2016 Amendment. This is a new rule, in response to legislation, and intended to complement Florida Rules of Criminal Procedure 3.181 (Notice to Seek Death Penalty) and 3.780 (Sentencing Hearing for Capital Cases).

Rule 3.203. Defendant’s Intellectual Disability as a Bar to Imposition of the Death Penalty

(a) Scope. This rule applies in all cases in which a defendant is convicted of a crime punishable by death, the state attorney has not waived the death penalty on the record, and the defendant’s intellectual disability becomes an issue.

(b) Definition of Intellectual Disability. As used in this rule, the term “intellectual disability” means significantly subaverage general intellectual functioning existing concurrently with deficits in adaptive behavior and manifested during the period from conception to age 18. The term “significantly subaverage general intellectual functioning,” for the purpose of this rule, means performance that is 2 or more standard deviations from the mean score on a standardized intelligence test authorized by the Department of Children and Families in rule 65G-4.011 of the Florida Administrative Code. The term “adaptive behavior,” for the purpose of this rule, means the effectiveness or degree with which an individual meets the standards of personal independence and social responsibility expected of his or her age, cultural group, and community.

(c) Motion for Determination of Intellectual Disability as a Bar to Execution; Contents; Procedures.

(1) A defendant who intends to raise intellectual disability as a bar to execution must file a written motion to establish intellectual disability as a bar to execution with the court.

(2) The motion must state that the defendant is intellectually disabled and, if the defendant has been tested, evaluated, or examined by 1 or more experts, the names and addresses of the experts.

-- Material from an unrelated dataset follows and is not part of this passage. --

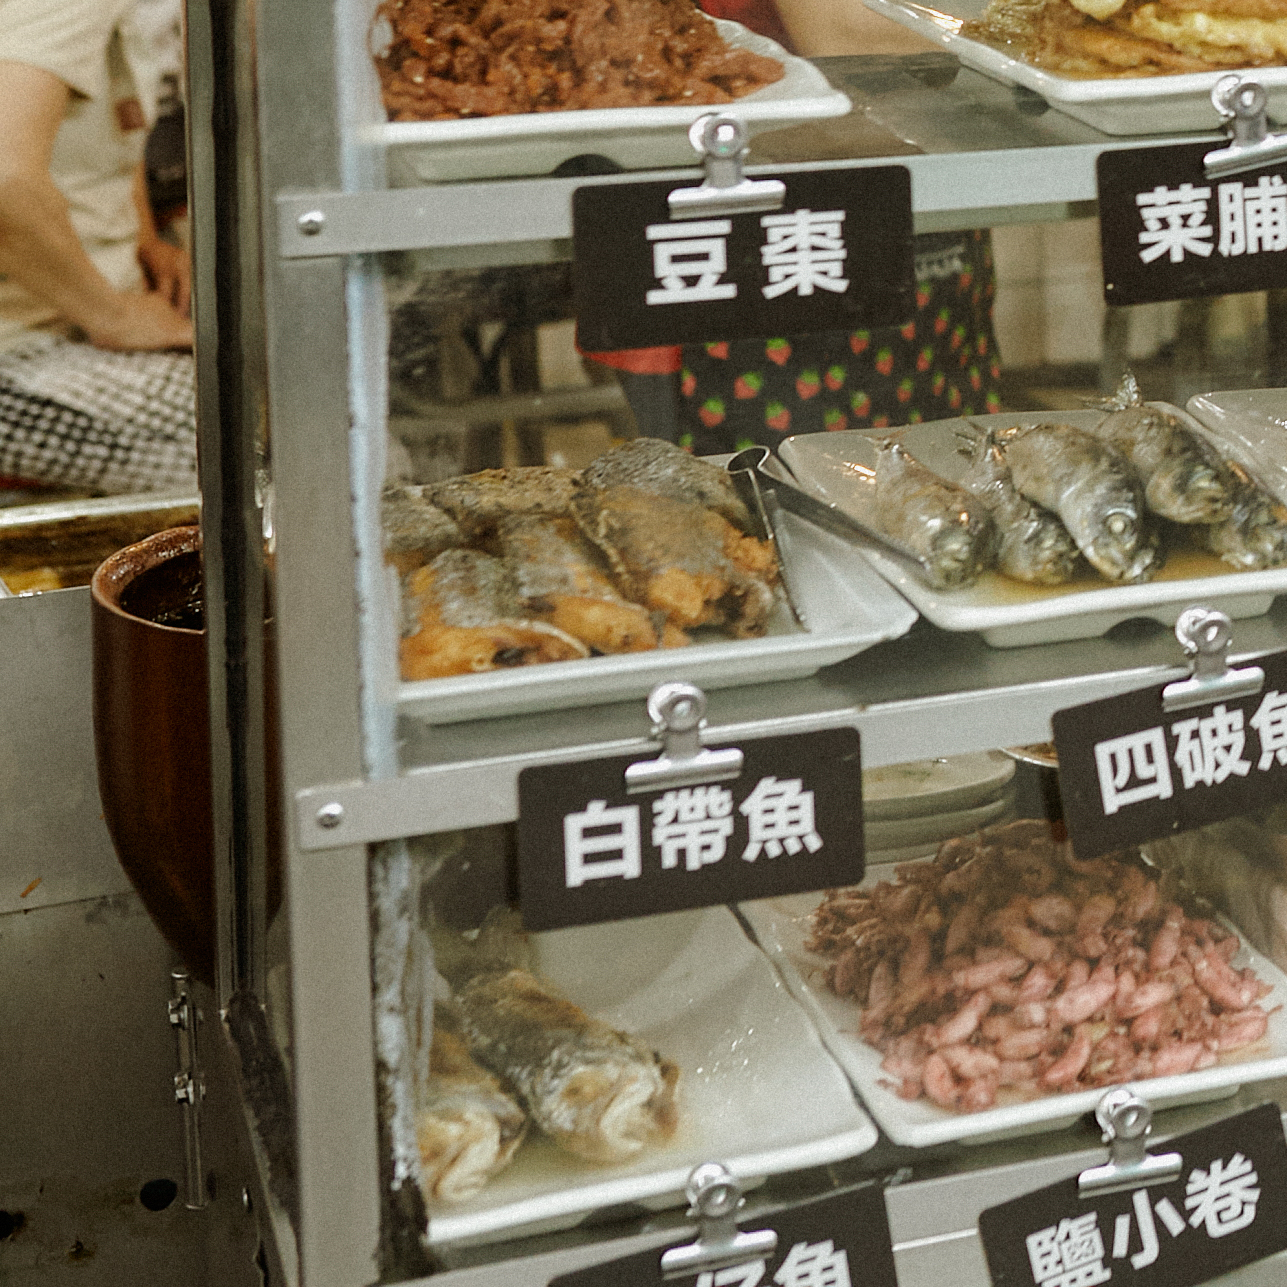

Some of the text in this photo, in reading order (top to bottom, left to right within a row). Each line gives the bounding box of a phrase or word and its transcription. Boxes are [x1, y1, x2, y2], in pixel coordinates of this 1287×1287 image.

[646, 209, 849, 305] 豆棗
[563, 775, 822, 889] 白帶魚
[1026, 1152, 1260, 1287] 鹽小卷

Reports containing the opinions of any experts named in the motion must be attached to the motion. The court must appoint an expert chosen by the state attorney if the state attorney so requests. The expert must promptly test, evaluate, or examine the defendant and must submit a written report of any findings to the parties and the court.

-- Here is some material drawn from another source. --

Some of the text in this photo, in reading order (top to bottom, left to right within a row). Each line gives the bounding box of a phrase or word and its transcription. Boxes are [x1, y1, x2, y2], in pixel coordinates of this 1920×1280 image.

(3) If the defendant has not been tested, evaluated, or examined by 1 or more experts, the motion must state that fact and the court must appoint 2 experts who must promptly test, evaluate, or examine the defendant and must submit a written report of any findings to the parties and the court.

(4) Attorneys for the state and defendant may be present at the examinations conducted by court-appointed experts.

(5) If the defendant refuses to be examined or fully cooperate with the court appointed experts or the state’s expert, the court may, in the court’s discretion:

(A) order the defense to allow the court-appointed experts to review all mental health reports, tests, and evaluations by the defendant’s expert;

(B) prohibit the defense experts from testifying concerning any tests, evaluations, or examinations of the defendant regarding the defendant’s intellectual disability; or

(C) order such relief as the court determines to be appropriate.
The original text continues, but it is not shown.